Saved data entries:
((
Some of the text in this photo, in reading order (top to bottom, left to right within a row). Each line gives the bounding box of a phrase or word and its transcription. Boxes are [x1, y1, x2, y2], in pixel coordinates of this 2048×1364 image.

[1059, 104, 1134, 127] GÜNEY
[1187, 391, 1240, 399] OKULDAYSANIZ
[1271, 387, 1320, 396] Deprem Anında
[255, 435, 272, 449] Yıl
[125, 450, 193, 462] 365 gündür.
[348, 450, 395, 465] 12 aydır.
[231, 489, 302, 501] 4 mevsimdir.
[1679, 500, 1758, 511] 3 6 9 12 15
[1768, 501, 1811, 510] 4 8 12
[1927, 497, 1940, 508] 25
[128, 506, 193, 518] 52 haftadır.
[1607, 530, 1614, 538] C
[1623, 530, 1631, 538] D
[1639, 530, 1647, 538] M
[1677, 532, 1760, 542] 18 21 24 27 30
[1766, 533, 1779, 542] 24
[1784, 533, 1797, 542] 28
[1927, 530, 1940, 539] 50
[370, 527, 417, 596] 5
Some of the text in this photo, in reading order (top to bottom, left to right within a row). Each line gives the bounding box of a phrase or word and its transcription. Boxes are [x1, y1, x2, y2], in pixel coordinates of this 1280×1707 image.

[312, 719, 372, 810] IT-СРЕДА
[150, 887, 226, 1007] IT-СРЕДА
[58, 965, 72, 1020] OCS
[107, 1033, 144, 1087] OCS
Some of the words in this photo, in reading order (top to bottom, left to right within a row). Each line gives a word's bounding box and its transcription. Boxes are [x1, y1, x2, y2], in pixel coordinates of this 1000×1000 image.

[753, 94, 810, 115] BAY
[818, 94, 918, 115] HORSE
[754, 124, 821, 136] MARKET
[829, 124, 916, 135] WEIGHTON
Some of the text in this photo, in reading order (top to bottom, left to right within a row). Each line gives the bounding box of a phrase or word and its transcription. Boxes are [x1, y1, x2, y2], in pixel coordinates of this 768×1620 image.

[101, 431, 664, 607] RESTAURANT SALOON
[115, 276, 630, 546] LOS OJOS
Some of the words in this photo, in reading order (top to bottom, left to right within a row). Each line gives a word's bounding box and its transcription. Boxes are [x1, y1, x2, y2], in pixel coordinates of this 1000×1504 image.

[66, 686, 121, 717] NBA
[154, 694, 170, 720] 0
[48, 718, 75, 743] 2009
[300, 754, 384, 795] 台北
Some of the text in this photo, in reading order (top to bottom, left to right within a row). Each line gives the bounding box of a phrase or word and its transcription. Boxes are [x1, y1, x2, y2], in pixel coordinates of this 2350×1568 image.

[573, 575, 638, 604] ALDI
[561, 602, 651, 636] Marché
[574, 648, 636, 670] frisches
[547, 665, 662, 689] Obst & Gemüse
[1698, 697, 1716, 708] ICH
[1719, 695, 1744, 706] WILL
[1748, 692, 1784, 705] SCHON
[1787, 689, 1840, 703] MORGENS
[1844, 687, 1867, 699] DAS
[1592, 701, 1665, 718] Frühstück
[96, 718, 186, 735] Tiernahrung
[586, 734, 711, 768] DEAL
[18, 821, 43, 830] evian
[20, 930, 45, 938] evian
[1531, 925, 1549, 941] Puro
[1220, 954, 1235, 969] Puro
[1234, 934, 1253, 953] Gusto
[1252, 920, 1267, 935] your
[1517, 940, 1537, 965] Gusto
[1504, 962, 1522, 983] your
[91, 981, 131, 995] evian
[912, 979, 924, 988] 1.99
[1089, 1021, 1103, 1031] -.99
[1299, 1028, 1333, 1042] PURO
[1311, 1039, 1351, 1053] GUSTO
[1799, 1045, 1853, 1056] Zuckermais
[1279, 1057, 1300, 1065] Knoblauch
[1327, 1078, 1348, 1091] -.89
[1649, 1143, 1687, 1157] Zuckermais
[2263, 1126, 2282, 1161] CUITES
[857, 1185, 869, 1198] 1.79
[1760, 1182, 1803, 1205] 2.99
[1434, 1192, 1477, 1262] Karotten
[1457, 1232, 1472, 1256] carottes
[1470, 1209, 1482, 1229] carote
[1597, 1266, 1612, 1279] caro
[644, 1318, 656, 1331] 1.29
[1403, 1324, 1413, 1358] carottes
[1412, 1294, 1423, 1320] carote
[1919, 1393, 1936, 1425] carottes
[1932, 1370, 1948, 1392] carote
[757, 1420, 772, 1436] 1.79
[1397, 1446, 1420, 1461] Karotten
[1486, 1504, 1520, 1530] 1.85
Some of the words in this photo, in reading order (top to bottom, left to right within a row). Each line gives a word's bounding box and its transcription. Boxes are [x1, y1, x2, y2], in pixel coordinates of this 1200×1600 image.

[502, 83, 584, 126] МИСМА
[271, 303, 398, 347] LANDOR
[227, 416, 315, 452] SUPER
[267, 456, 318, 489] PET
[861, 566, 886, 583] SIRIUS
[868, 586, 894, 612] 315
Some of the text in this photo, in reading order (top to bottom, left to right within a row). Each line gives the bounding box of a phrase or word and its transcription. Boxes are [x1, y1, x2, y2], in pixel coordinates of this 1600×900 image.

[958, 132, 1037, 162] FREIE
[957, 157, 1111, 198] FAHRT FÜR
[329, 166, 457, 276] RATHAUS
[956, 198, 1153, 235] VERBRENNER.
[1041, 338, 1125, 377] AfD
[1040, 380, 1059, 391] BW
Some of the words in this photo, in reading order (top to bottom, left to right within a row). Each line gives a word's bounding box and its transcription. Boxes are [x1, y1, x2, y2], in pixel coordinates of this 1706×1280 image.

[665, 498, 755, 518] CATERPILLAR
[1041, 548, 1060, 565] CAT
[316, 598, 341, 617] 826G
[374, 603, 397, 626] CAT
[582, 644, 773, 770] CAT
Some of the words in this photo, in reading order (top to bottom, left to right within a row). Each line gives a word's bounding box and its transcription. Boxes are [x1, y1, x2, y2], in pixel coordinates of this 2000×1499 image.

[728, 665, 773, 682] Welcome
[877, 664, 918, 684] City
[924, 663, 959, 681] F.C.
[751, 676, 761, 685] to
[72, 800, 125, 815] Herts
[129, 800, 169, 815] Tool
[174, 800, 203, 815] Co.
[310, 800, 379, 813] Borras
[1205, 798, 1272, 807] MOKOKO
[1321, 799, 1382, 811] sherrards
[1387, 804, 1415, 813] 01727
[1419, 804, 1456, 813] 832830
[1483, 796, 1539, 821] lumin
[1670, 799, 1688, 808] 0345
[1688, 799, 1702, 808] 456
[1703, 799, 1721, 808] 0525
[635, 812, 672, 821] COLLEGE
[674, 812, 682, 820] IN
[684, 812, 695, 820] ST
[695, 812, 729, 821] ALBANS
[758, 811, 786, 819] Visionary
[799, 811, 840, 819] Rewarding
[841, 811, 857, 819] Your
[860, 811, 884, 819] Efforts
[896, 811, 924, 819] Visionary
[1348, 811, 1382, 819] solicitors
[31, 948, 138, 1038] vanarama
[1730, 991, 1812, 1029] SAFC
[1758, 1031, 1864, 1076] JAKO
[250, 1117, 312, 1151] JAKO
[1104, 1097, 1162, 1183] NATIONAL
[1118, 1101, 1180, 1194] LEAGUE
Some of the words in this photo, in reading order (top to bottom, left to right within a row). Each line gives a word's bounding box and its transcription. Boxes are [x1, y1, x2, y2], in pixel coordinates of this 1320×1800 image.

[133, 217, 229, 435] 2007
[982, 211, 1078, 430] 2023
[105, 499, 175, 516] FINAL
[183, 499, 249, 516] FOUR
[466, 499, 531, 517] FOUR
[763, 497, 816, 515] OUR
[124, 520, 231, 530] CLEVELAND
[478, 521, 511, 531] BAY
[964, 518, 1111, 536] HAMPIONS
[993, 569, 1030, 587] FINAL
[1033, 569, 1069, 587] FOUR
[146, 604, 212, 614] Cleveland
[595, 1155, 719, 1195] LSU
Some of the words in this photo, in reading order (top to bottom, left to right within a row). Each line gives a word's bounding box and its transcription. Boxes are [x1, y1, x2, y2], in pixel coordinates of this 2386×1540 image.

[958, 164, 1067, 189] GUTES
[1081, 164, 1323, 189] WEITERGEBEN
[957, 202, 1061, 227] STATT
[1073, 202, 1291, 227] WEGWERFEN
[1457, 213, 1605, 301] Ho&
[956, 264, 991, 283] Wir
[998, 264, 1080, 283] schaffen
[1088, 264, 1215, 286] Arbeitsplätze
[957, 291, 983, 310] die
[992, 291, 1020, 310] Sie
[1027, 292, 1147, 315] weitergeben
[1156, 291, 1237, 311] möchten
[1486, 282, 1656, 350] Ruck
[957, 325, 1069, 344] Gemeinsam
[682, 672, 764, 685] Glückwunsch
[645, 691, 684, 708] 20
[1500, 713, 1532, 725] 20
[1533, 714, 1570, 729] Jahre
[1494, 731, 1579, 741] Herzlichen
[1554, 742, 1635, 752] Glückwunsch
))
→ Goal of the exercise: Transcribe nothing except the lines from the one with "this 2386×1540 image." through the end of the data above, each exactly as it appears.

→ Written solution:
Some of the words in this photo, in reading order (top to bottom, left to right within a row). Each line gives a word's bounding box and its transcription. Boxes are [x1, y1, x2, y2], in pixel coordinates of this 2386×1540 image.

[958, 164, 1067, 189] GUTES
[1081, 164, 1323, 189] WEITERGEBEN
[957, 202, 1061, 227] STATT
[1073, 202, 1291, 227] WEGWERFEN
[1457, 213, 1605, 301] Ho&
[956, 264, 991, 283] Wir
[998, 264, 1080, 283] schaffen
[1088, 264, 1215, 286] Arbeitsplätze
[957, 291, 983, 310] die
[992, 291, 1020, 310] Sie
[1027, 292, 1147, 315] weitergeben
[1156, 291, 1237, 311] möchten
[1486, 282, 1656, 350] Ruck
[957, 325, 1069, 344] Gemeinsam
[682, 672, 764, 685] Glückwunsch
[645, 691, 684, 708] 20
[1500, 713, 1532, 725] 20
[1533, 714, 1570, 729] Jahre
[1494, 731, 1579, 741] Herzlichen
[1554, 742, 1635, 752] Glückwunsch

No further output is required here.